O STF (Supremo Tribunal Federal) derrubou 2 dispositivos da lei fluminense que regulamenta eleição indireta para governador do Rio de Janeiro. O ministro Luiz Fux suspendeu na 4ª feira (18.mar.2026) o voto aberto e o prazo de 24 horas para desincompatibilização de candidatos que ocupam cargos no Executivo. A norma foi aprovada pela Alerj (Assembleia Legislativa do Rio de Janeiro) e questionada pelo PSD, partido do prefeito Eduardo Paes, pré-candidato ao governo estadual.
A legislação estadual ganhou relevância diante da possibilidade de o governador Cláudio Castro (PL) deixar o cargo. Castro pode sair do governo para concorrer ao Senado ou em razão de eventual cassação pelo TSE (Tribunal Superior Eleitoral). O governador não tem vice, o que torna necessária a realização de eleições indiretas caso ele deixe o Executivo estadual. Thiago Pampolha deixou o cargo em maio de 2025 para assumir uma vaga como conselheiro do Tribunal de Contas do Estado do Rio de Janeiro.
Na eleição indireta, os deputados estaduais da Alerj precisam eleger um novo governador para cumprir o restante do mandato.

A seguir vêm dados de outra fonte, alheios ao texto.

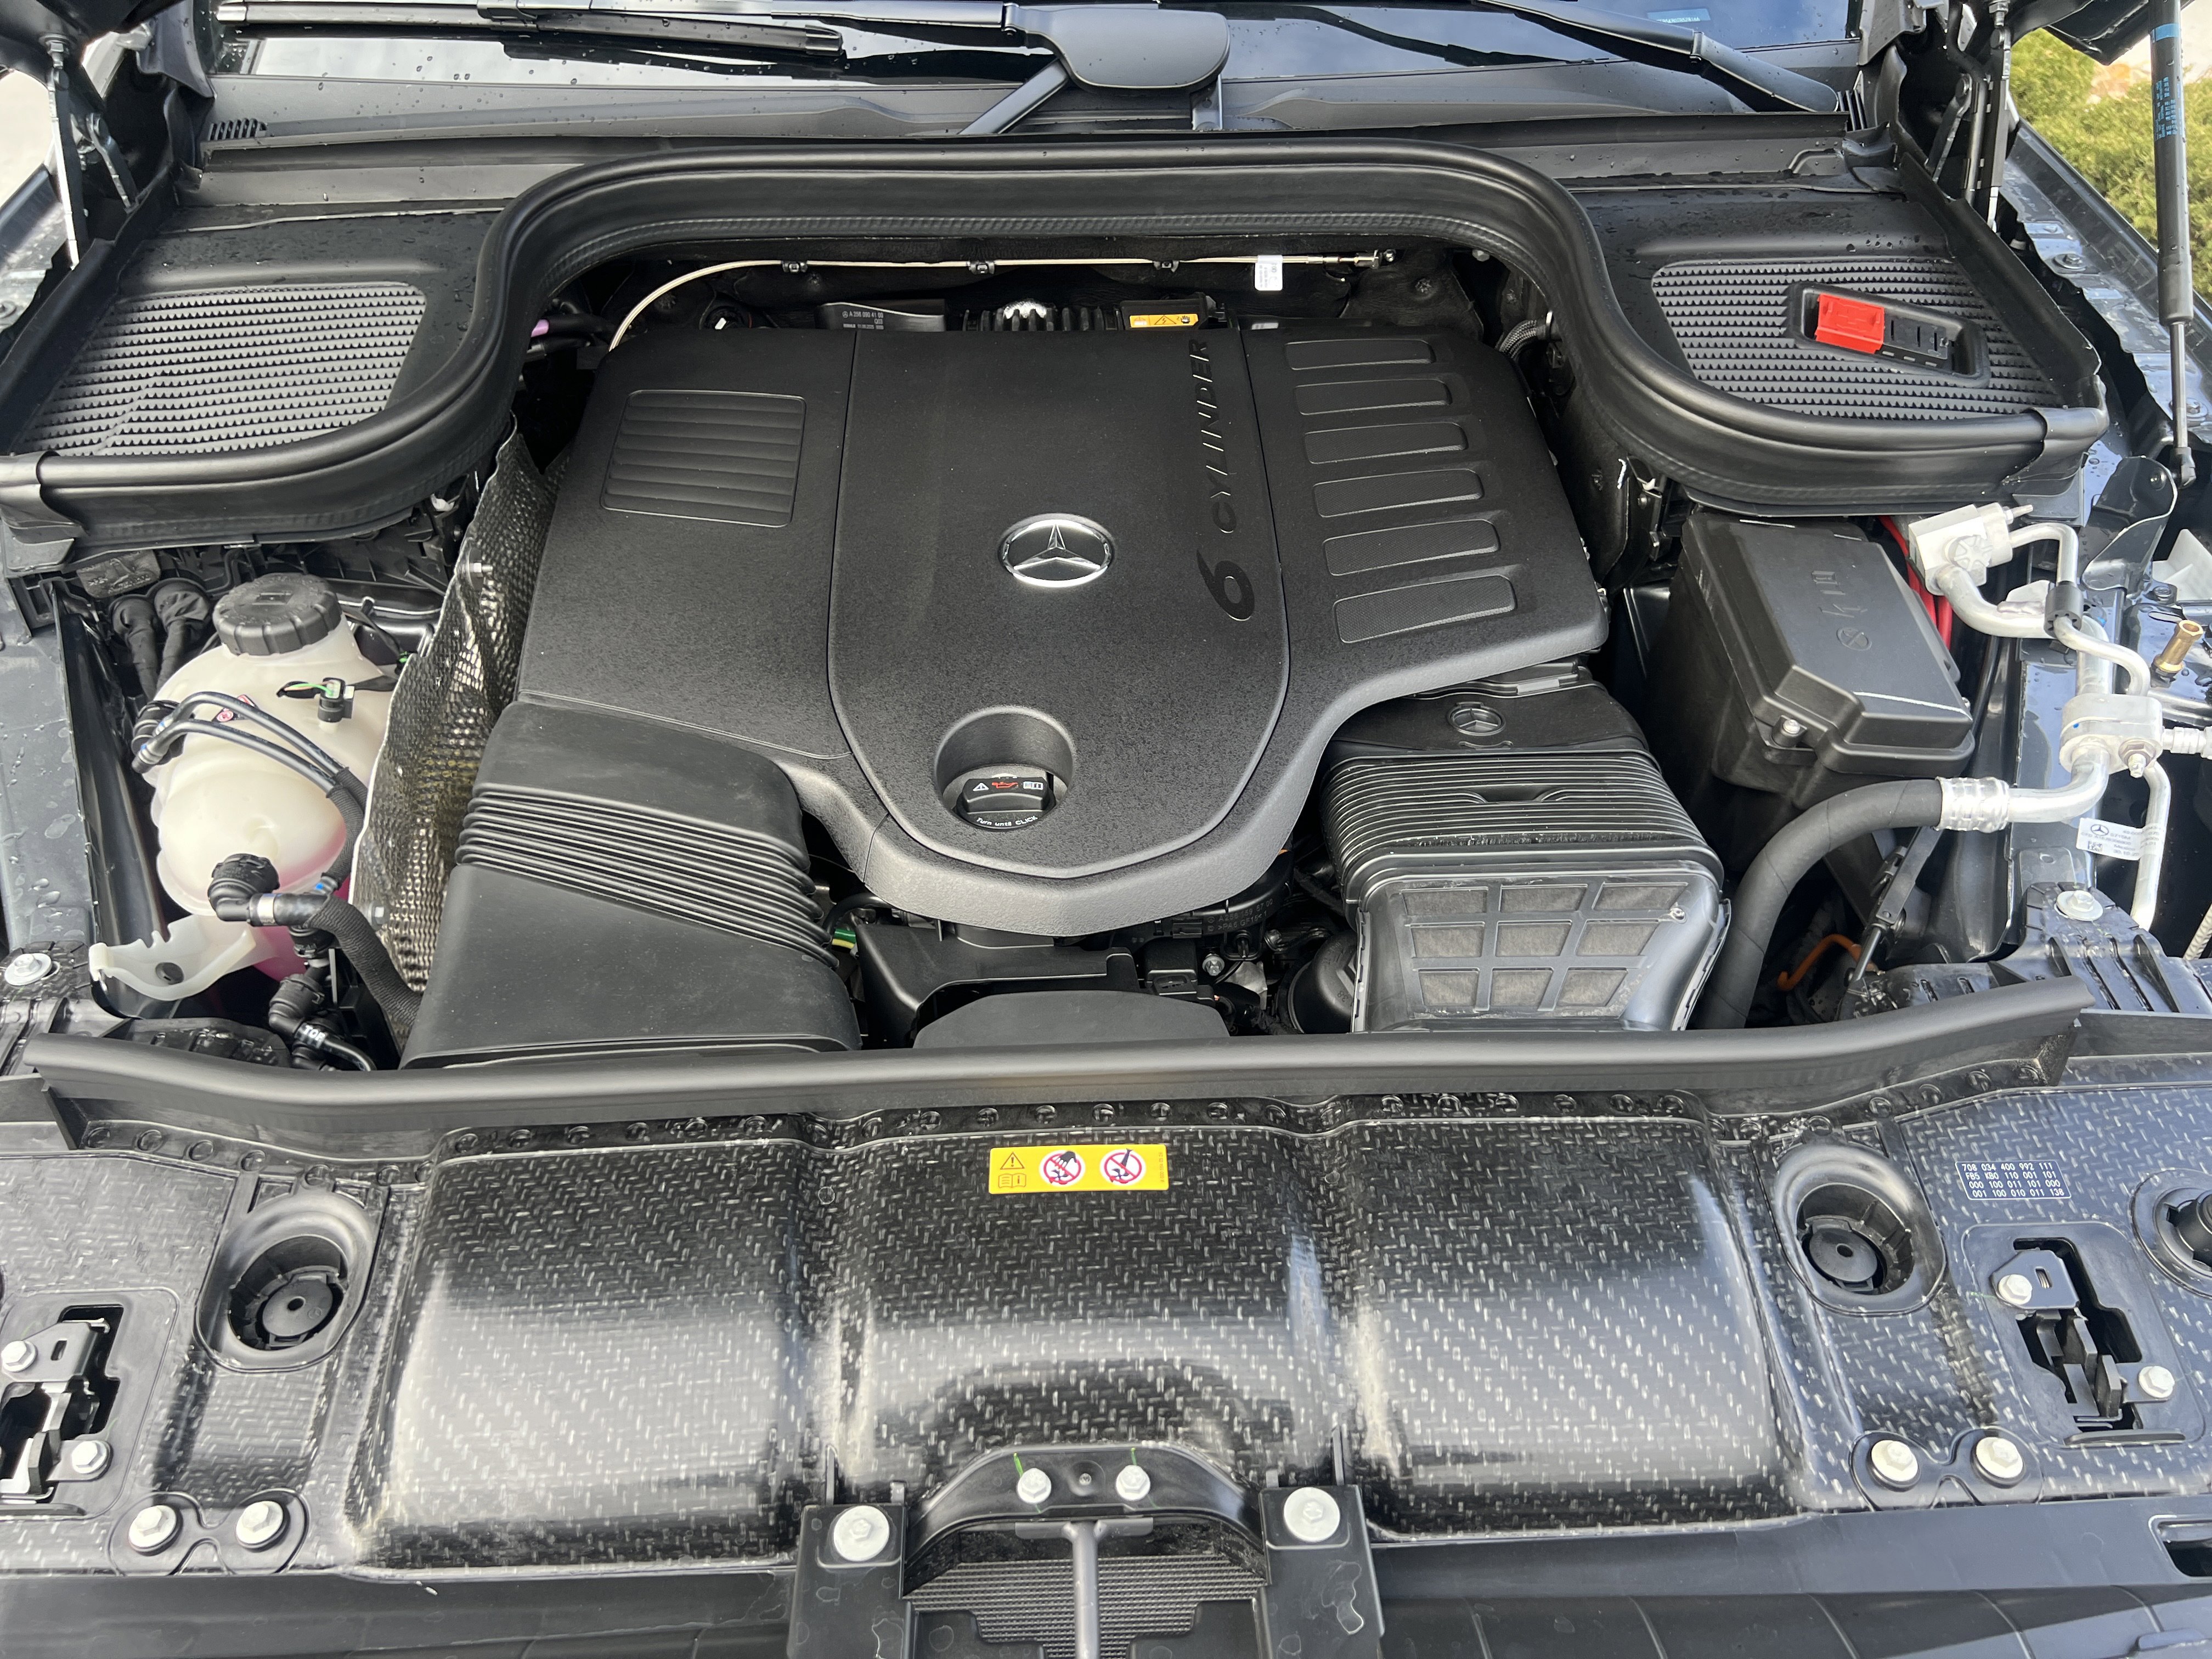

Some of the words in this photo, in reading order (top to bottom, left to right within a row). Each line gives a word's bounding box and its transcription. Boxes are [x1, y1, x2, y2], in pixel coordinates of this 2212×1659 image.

[1188, 338, 1238, 534] CYLINDER
[1196, 549, 1255, 621] 6
[976, 817, 992, 826] Turn
[1015, 815, 1038, 826] CLICK
[303, 1025, 326, 1041] TOP
[1961, 1163, 1977, 1171] 708
[2000, 1163, 2016, 1171] 400
[2019, 1163, 2035, 1171] 992
[2005, 1171, 2019, 1180] 110
[1968, 1181, 1984, 1189] 000
[2029, 1188, 2045, 1197] 011

O período vai até o fim de 2026.
Fux afirmou que, nas eleições indiretas para os cargos de governador e vice-governador, o Poder Legislativo atua como um colégio de eleitores. Por essa razão, segundo o magistrado, devem ser aplicadas aos votantes as mesmas garantias do eleitor em geral para mitigar pressões indevidas e preservar a liberdade do voto. O ministro citou os casos de violência política no Rio. Eis a íntegra (PDF – 231 kB).

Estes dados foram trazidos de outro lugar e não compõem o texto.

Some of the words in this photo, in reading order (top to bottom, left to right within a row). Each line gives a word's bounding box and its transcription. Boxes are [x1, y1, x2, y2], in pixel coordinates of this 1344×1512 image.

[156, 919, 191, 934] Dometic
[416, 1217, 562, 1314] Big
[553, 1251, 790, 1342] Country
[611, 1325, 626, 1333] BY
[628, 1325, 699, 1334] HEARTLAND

Sobre o prazo de desincompatibilização, Fux considerou que “meras” 24 horas “antes do pleito não preservam a igualdade de chances no certame eleitoral”. O ministro afirmou ainda que “o caráter excepcional ou inesperado da dupla vacância não afasta a indevida influência do poder político que se almeja obstaculizar por meio das hipóteses de inelegibilidade da Lei Complementar n. 64/1990”. A regra determina o afastamento 6 meses antes da eleição.
Com a decisão de Fux, as eleições indiretas não poderão ser realizadas com voto aberto. O prazo de 24 horas para desincompatibilização também não poderá ser aplicado.

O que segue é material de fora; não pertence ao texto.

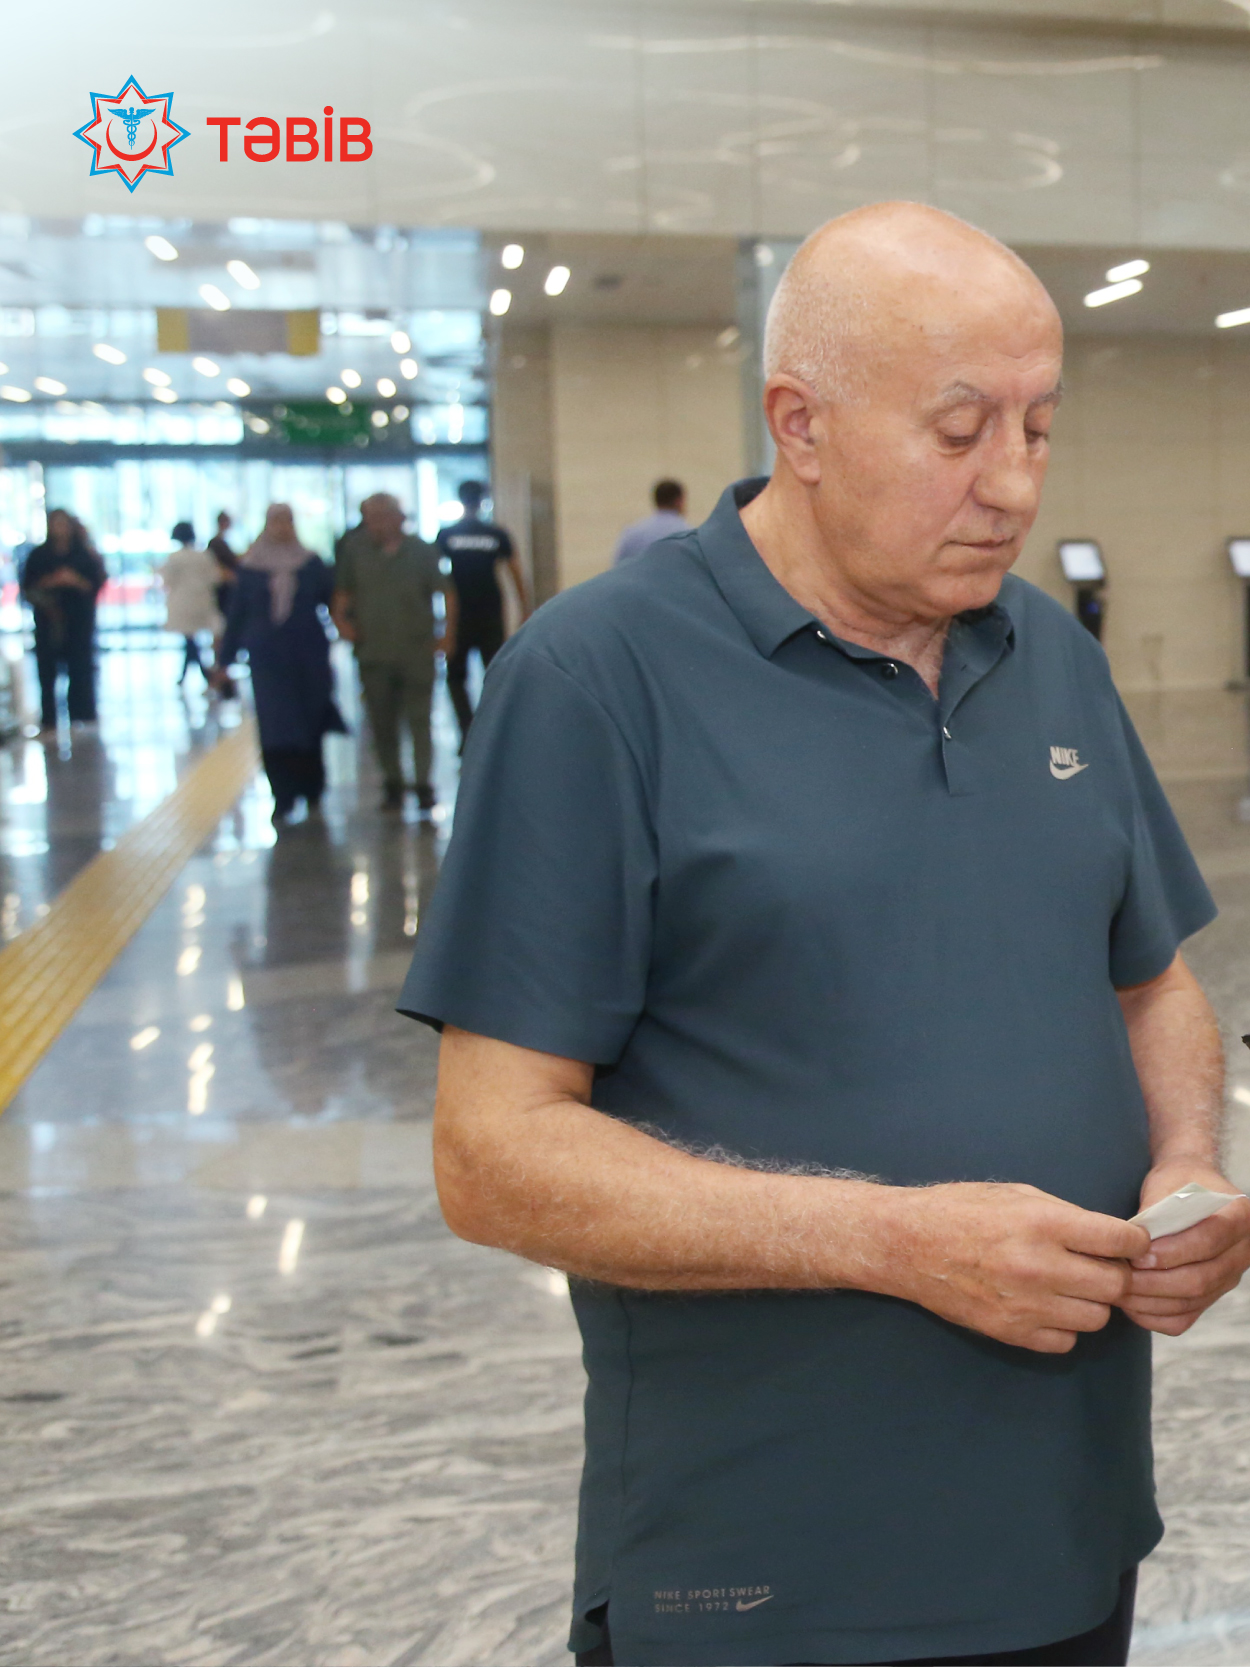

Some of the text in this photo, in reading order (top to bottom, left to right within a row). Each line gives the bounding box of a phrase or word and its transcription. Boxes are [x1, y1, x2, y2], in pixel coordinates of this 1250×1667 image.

[1050, 746, 1080, 767] NIKE
[654, 1590, 681, 1600] NIKE
[654, 1601, 729, 1613] SINCE 1972

A liminar, que já está valendo, será submetida a referendo do Plenário do Supremo. Ainda não há data prevista para a análise coletiva da decisão.
No TSE, o julgamento que pode levar à cassação do mandato de Castro está em 2 a 0 pela condenação. O ministro Nunes Marques pediu vista do processo. A retomada do julgamento está marcada para 24 de março.